The discussion of the Christian roots, in the preamble of
the European Constitution, the law on the laity in France, the
Buttiglione case, the polemics around some proposals of law advanced by
Zapatero in Spain … not to mention many others related to the Crucifix
and the crib, are all there to prove how urgent it is to have a balanced
culture of laity, far from today's high-flying secularism. A culture
that may allow us to establish rules of civil conviviality, avoiding the
clash of symbols - which is characterising our society as an
"iconoclastic society" - as well as the two inaccessible drifts: the
relativism of values and the new forms of fundamentalism.

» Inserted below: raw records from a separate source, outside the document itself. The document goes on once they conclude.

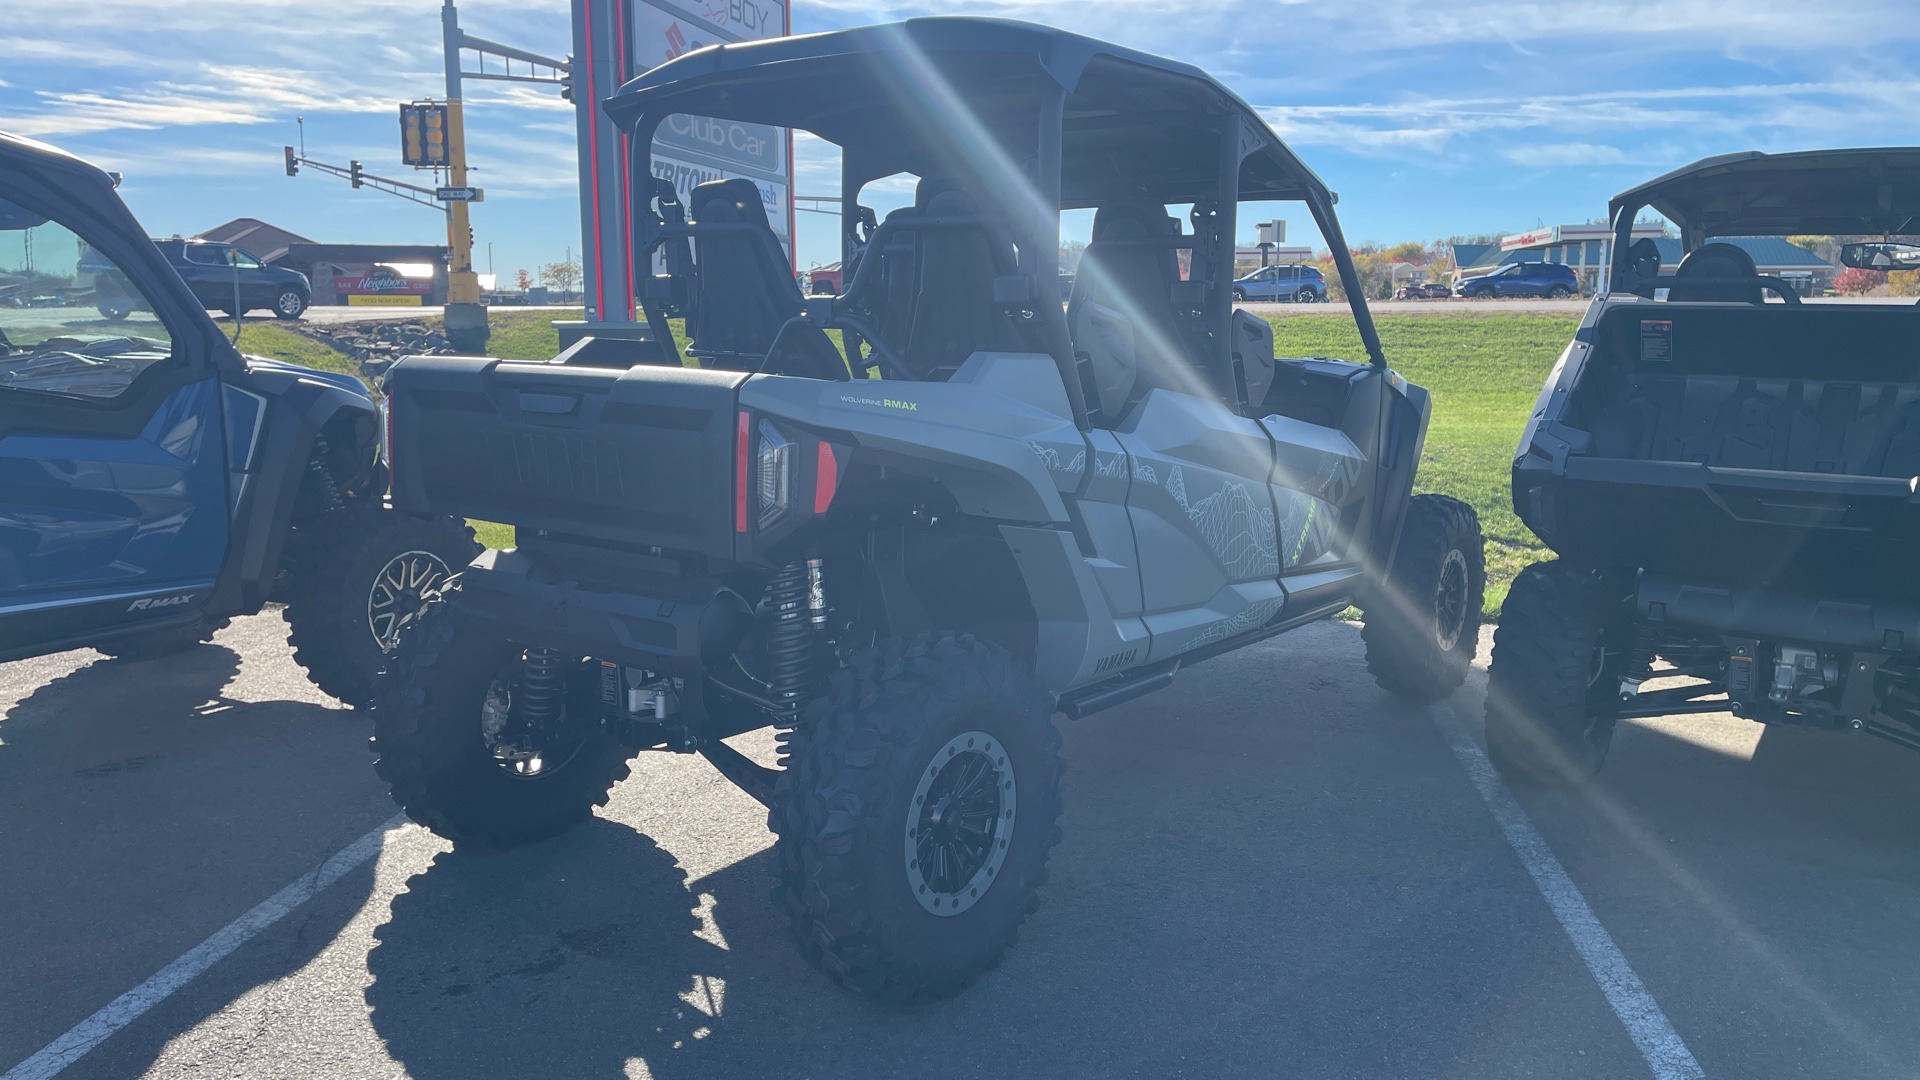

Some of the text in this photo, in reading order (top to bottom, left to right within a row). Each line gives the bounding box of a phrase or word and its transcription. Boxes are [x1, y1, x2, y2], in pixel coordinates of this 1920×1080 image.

[730, 0, 769, 35] BOY
[668, 113, 766, 157] Club Car
[840, 395, 918, 411] WOLVERINE RMAX
[126, 594, 195, 612] RMAX
[1094, 648, 1137, 674] YAMAHA

We have a positive vision of laity: we do not accept a laity
defined only as absence, neutrality and emptying of the religious
matter.
In the Compendio itself, the laity is presented as
"an acquired value recognised by the Church and belongs to the reached
patrimony of civilisation"7. It is also stated that "it
implies the respects of every religious confession on behalf of the
State … In a pluralistic society, the lay state is a place of
communication among the different spiritual traditions"8. and
the lay state represents a non acceptable counterfeiting.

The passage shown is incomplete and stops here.